Garbo began life in poverty as Greta Lovisa Gustafsson, the daughter of a janitor in Stockholm, Sweden. When her father died in 1919 of tuberculosis, Greta had to quit school at the age of fourteen and go to work. Her good looks helped her get jobs in a couple of advertising films before she was discovered in 1922 by unabashedly homosexual Swedish filmmaker Mauritz Stiller. He cast her as the female lead in Gosta Berling's Saga (1924) and got her a role in a German film, The Joyless Street (1925). Stiller took control of the actress's career, changing her last name to Garbo. When he went to the United States to work for Louis Mayer at Metro-Goldwyn-Mayer, Stiller took his protégée along. Mauritz Stiller did not succeed in Hollywood, but Greta Garbo was destined to become a star. She made fourteen silent films, among them The Torment (1926) and Flesh and the Devil (1927), where she tended to play the beautiful femme fatale, luring men into passion. Garbo made the rocky transition from silent films to talkies flawlessly. Her husky, accented voice fitted intriguingly with her ethereal beauty, enabling her to create more complex characters than she ever had in silents.

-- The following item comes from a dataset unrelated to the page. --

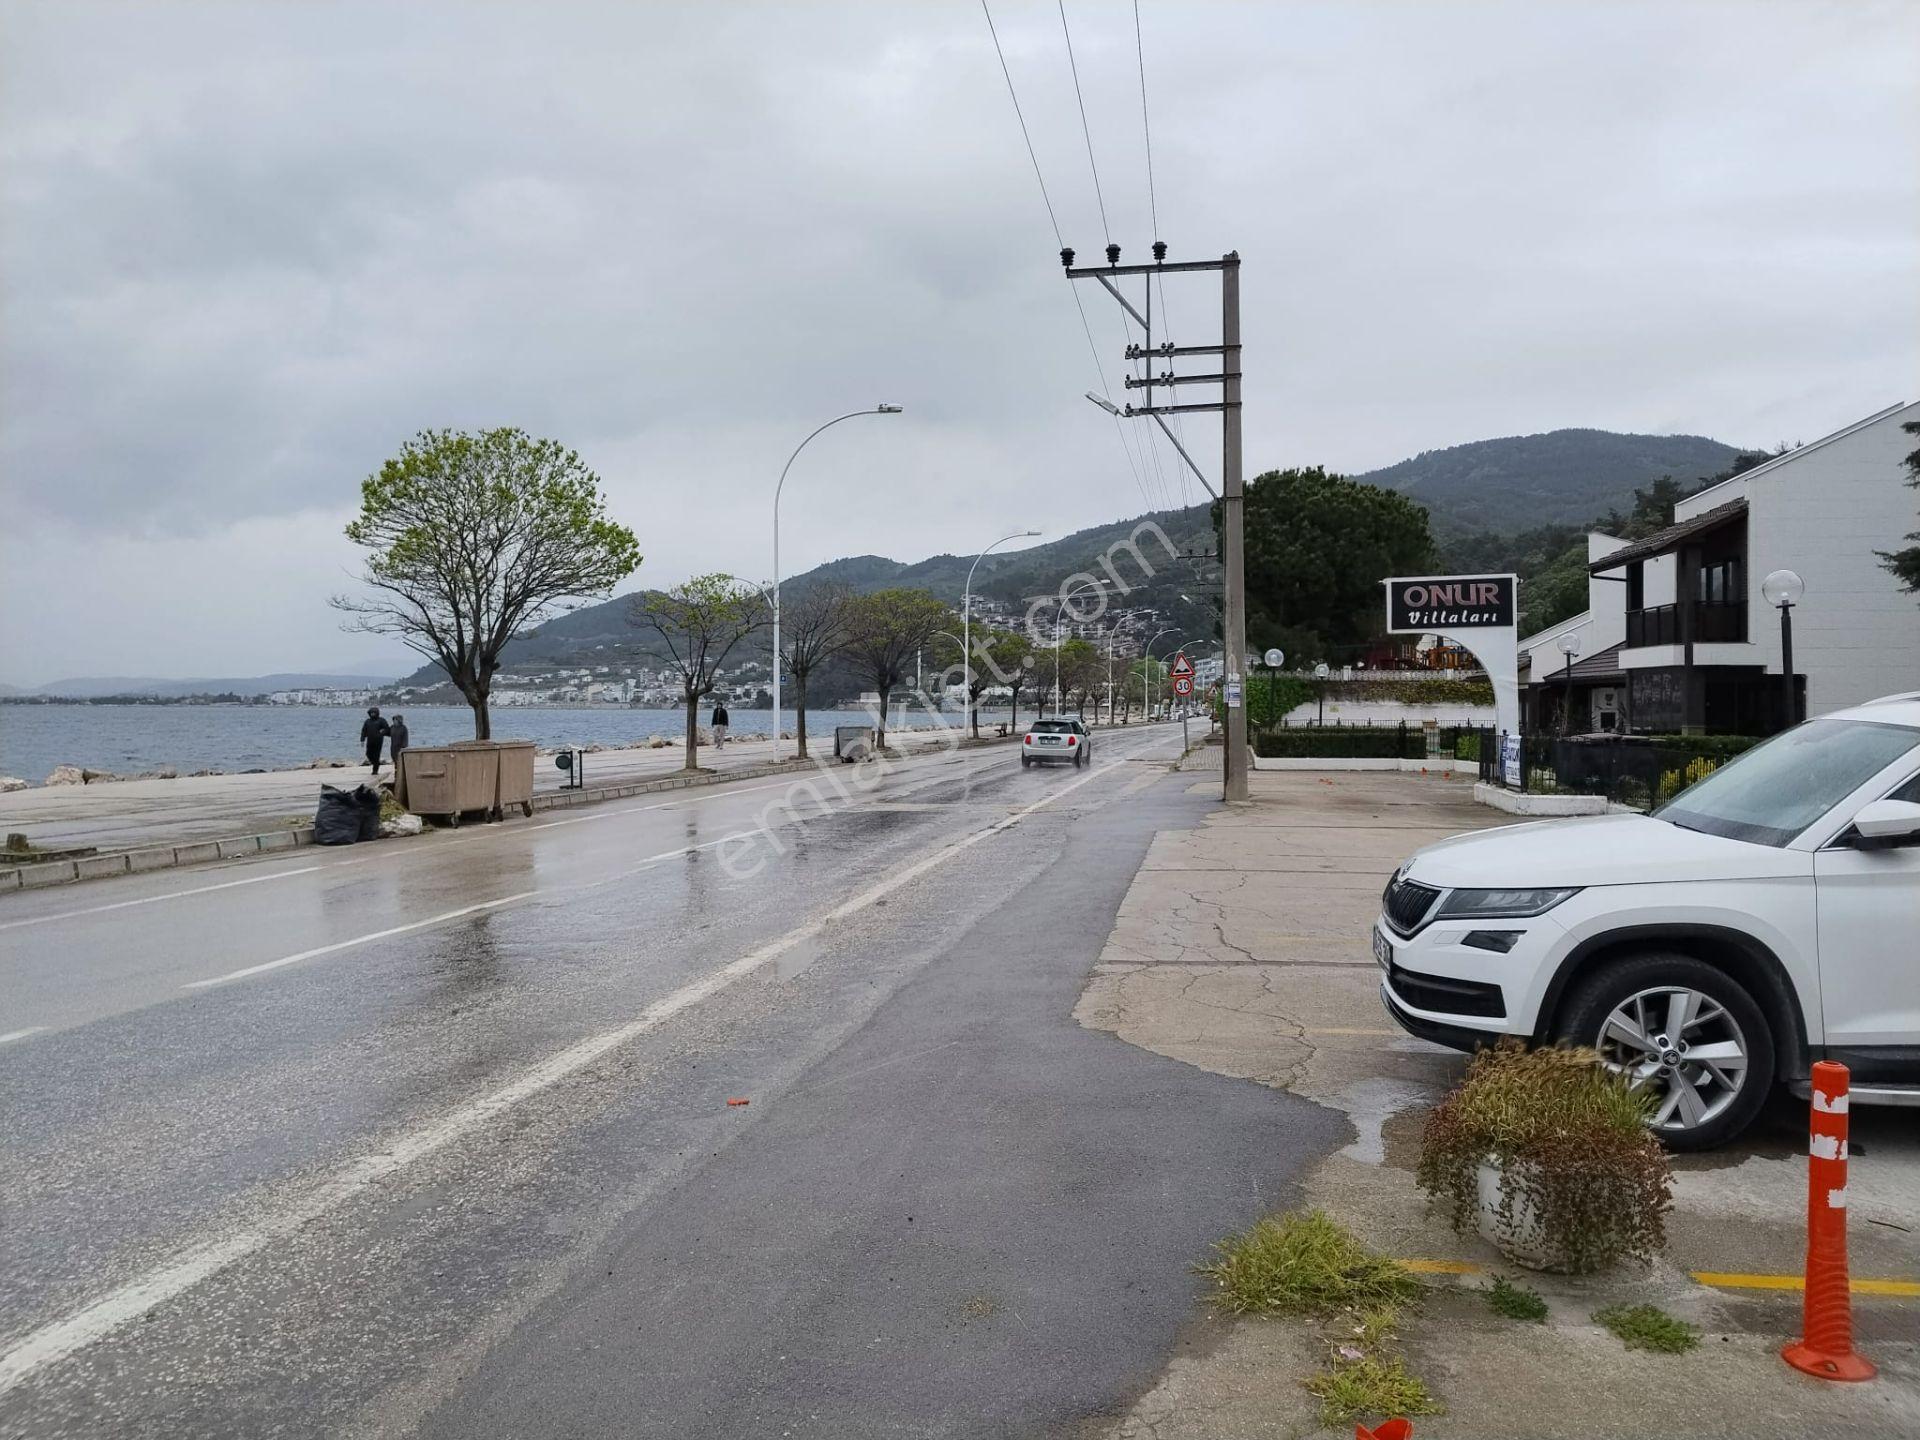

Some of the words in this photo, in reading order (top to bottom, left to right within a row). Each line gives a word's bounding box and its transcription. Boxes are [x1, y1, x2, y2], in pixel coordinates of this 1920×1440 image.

[1403, 583, 1500, 607] ONUR
[1408, 609, 1498, 625] Villaları
[1177, 681, 1190, 691] 30
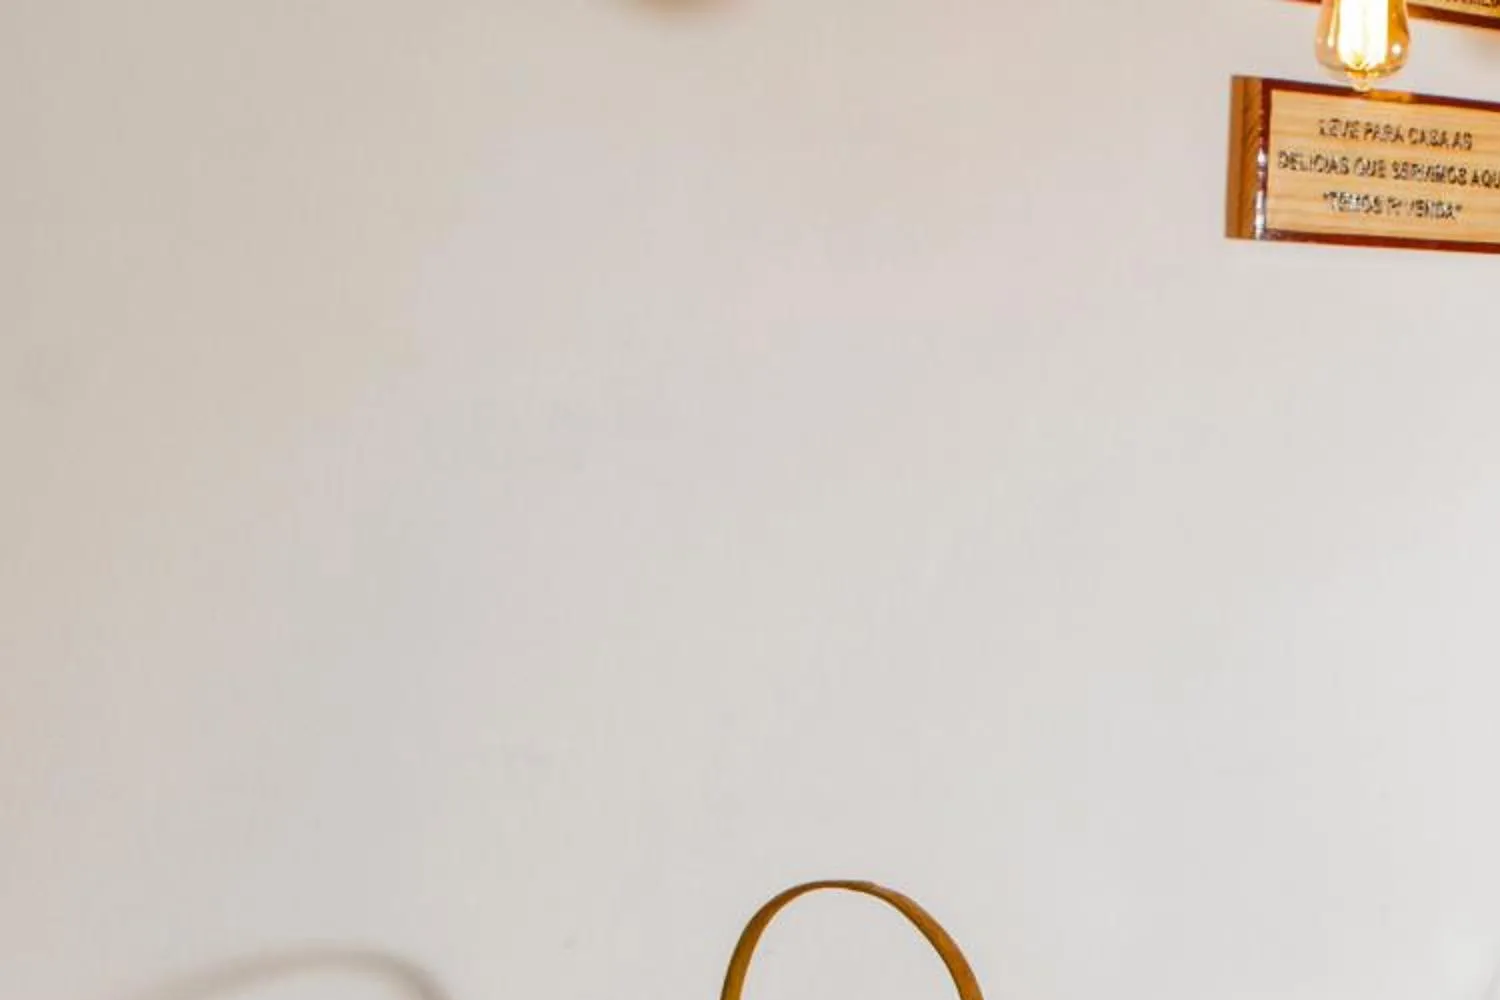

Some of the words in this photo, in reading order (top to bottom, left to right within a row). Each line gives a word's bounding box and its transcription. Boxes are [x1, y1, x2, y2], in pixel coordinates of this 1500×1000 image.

In Anna Christie (1930), Anna Karenina (1935), Camille (1936), and others, she played a tragic heroine, passionate, but doomed. In the delightful 1939 comedy Ninotchka, she mocks this gloomy sensuality with charming self-deprecation, causing MGM to tout the film with the single headline, "Garbo Laughs!" In 1941, prompted perhaps by the failure of Two-Faced Woman, her comedy follow-up to Ninotchka, Garbo took a break from filmmaking. Although she reportedly considered several projects for a comeback, the title roles in Hamlet and The Portrait of Dorian Gray, among them, her break turned into permanent retirement.
It has been suggested that Garbo struggled greatly with her sexuality, only becoming involved with other women in affairs that she could control. Some also suggest that Garbo remained single in the United States because of an unrequited love for her drama school sweetheart, the Swedish actress Mimi Pollak. Garbo's personal letters recently released to the public indicate that she remained in love with Pollak for the rest of her life. When Pollak announced she was pregnant, Garbo wrote: "We cannot help our nature, as God has created it. But I have always thought you and I belonged together."
Famously connected to Mercedes de Acosta, one of the more Sapphic companions of the day, de Acosta wrote of their affair in her book Here Lies the Heart. Upon her death in 1990, Garbo left her entire, substantial estate to her niece, Gray Reisfeld, and nothing to Claire, the elderly female companion with whom she lived for many years.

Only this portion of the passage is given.